### Exercise aim
Exactly and without additions, transcribe the line that contains "this 1800×1012 image." and every line after it in the data.
= Beginning of Section =
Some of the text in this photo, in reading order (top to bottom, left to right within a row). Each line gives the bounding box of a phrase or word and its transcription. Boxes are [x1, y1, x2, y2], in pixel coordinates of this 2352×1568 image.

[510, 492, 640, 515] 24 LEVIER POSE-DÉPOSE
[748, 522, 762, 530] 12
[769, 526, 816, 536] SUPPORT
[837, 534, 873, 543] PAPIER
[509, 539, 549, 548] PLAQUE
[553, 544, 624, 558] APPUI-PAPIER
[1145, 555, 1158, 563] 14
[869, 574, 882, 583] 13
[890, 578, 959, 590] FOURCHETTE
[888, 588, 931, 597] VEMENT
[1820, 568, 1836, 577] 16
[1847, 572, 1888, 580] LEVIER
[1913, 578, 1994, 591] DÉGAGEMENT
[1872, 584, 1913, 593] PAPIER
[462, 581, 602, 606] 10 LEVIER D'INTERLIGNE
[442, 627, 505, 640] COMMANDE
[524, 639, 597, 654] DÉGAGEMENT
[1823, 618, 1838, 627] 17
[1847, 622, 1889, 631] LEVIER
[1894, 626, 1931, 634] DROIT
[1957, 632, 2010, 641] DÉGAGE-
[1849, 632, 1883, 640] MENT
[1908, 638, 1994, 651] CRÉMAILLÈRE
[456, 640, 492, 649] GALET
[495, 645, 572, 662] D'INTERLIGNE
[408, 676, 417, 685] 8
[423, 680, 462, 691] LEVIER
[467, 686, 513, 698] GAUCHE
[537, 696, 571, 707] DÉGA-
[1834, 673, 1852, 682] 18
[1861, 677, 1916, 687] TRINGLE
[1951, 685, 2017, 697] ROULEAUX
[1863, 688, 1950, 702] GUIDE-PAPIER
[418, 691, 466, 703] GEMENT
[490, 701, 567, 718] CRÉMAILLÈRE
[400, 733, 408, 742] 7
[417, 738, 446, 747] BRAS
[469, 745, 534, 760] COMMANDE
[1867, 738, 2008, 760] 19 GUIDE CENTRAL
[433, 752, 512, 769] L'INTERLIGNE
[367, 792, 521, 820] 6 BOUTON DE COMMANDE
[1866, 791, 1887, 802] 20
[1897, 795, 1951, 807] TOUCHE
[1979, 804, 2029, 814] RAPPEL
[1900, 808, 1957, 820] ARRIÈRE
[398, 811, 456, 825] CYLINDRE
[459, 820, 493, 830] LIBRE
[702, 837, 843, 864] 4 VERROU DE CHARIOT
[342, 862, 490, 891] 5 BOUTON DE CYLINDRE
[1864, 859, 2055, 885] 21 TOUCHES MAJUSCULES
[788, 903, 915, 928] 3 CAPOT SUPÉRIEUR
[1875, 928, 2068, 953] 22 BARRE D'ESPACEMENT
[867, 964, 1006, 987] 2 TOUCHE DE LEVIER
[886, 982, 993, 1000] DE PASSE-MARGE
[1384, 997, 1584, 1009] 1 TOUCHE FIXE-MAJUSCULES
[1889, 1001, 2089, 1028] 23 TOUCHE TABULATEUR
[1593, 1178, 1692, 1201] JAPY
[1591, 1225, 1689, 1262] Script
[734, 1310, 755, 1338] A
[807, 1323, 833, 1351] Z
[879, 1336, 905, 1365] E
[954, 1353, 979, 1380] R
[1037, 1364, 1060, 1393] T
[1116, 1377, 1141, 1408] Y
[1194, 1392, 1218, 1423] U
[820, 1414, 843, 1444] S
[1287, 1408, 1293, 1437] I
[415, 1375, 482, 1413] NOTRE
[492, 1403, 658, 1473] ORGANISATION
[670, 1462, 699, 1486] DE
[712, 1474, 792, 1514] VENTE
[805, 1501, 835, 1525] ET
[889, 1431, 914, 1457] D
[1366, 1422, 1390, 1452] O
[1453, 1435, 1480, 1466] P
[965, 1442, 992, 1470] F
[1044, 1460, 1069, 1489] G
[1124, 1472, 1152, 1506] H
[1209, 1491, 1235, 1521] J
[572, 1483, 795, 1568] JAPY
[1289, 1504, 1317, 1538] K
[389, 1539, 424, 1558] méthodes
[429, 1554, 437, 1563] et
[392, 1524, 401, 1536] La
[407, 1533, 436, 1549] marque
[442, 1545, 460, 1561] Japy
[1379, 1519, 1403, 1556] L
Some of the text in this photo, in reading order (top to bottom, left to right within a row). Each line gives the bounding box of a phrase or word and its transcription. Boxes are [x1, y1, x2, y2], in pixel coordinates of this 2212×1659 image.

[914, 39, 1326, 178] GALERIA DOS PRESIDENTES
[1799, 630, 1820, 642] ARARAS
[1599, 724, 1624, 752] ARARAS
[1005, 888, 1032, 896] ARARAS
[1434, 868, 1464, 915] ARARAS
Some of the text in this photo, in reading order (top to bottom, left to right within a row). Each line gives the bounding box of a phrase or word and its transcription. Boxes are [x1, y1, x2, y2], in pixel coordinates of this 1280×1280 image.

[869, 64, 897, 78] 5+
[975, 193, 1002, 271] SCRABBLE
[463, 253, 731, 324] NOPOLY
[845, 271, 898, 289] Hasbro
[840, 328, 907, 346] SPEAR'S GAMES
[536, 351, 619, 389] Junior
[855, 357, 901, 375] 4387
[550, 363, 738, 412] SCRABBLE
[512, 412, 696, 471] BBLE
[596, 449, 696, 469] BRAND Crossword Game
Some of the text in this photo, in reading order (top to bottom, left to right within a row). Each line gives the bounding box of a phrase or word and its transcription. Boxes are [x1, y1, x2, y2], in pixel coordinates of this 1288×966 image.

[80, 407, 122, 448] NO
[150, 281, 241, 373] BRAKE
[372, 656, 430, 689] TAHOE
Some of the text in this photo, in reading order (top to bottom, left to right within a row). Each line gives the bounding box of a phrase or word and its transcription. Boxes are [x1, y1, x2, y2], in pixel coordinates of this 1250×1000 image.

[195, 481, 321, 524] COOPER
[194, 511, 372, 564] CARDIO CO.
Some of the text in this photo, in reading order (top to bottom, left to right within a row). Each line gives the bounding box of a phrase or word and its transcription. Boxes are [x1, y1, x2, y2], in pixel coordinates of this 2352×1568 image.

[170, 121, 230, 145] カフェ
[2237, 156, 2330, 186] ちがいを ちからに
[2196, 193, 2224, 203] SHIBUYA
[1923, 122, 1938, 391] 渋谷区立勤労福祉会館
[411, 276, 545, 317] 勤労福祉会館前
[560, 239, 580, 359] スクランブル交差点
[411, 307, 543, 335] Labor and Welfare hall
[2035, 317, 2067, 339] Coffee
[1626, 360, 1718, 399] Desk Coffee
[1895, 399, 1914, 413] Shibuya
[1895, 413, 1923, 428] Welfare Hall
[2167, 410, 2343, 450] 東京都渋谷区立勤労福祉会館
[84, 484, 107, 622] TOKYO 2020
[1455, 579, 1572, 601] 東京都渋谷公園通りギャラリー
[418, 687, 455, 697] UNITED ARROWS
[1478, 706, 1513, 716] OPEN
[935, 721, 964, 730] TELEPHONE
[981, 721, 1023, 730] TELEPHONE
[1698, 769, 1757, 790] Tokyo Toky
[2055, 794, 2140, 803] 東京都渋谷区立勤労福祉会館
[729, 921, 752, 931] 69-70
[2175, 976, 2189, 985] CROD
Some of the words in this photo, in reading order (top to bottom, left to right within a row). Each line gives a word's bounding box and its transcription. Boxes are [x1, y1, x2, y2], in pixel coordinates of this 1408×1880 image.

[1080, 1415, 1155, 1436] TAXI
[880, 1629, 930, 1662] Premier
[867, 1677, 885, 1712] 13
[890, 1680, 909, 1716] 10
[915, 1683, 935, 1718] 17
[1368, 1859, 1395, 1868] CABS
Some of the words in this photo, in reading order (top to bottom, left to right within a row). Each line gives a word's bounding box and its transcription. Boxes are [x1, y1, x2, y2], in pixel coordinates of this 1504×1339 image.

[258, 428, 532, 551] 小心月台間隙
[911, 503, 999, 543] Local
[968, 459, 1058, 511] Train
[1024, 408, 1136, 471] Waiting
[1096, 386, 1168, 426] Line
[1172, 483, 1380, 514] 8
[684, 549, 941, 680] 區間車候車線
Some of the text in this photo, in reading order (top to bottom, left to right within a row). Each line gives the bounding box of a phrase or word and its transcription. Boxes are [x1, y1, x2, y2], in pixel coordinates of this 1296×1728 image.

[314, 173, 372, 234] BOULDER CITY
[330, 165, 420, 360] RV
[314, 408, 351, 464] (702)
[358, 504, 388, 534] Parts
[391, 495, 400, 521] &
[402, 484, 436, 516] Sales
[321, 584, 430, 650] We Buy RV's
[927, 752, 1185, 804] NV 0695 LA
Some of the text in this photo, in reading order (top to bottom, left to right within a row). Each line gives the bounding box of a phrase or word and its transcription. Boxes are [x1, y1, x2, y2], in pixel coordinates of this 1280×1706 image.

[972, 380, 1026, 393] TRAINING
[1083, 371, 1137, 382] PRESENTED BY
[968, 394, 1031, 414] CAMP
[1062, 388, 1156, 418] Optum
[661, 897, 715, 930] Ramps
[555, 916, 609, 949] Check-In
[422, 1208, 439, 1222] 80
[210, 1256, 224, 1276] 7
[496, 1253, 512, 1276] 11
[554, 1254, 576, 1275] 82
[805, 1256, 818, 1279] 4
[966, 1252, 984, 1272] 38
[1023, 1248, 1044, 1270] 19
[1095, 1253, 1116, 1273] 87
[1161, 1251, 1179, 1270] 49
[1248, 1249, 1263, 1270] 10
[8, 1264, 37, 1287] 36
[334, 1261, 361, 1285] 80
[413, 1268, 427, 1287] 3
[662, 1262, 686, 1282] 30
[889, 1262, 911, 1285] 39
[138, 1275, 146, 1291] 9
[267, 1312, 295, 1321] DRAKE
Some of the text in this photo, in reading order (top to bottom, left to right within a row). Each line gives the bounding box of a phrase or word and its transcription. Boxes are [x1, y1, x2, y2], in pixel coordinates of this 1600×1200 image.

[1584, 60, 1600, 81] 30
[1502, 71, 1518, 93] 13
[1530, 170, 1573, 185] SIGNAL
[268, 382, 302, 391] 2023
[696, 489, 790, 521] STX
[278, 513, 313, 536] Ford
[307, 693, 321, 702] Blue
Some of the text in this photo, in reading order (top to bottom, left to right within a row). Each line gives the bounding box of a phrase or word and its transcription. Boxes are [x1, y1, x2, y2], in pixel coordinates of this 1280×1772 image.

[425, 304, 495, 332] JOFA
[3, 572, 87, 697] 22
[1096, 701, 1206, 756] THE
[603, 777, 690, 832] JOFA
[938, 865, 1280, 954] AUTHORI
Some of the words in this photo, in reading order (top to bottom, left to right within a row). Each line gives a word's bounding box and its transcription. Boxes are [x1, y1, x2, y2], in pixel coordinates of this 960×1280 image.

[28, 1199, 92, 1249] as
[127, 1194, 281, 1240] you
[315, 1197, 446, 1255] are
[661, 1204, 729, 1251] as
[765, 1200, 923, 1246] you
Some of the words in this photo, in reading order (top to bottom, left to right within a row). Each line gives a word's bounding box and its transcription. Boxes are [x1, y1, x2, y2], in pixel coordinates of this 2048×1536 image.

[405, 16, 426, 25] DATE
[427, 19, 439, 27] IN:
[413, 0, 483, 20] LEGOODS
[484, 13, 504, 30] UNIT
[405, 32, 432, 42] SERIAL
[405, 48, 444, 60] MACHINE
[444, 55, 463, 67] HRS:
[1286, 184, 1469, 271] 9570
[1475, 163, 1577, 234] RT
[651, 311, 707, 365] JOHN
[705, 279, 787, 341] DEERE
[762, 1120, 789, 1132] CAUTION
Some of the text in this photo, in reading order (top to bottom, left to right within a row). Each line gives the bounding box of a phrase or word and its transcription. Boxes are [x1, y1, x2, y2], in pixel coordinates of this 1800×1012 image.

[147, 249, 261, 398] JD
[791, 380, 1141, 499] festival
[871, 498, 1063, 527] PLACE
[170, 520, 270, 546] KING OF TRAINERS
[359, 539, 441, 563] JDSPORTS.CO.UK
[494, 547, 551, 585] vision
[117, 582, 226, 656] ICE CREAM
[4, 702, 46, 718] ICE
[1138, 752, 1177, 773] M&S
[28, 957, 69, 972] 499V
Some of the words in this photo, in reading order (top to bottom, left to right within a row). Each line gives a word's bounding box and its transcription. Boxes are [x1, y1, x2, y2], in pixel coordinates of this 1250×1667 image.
= End of Section =
### Answer to this problem
Some of the text in this photo, in reading order (top to bottom, left to right within a row). Each line gives the bounding box of a phrase or word and its transcription. Boxes are [x1, y1, x2, y2], in pixel coordinates of this 1800×1012 image.

[147, 249, 261, 398] JD
[791, 380, 1141, 499] festival
[871, 498, 1063, 527] PLACE
[170, 520, 270, 546] KING OF TRAINERS
[359, 539, 441, 563] JDSPORTS.CO.UK
[494, 547, 551, 585] vision
[117, 582, 226, 656] ICE CREAM
[4, 702, 46, 718] ICE
[1138, 752, 1177, 773] M&S
[28, 957, 69, 972] 499V
Some of the words in this photo, in reading order (top to bottom, left to right within a row). Each line gives a word's bounding box and its transcription. Boxes are [x1, y1, x2, y2], in pixel coordinates of this 1250×1667 image.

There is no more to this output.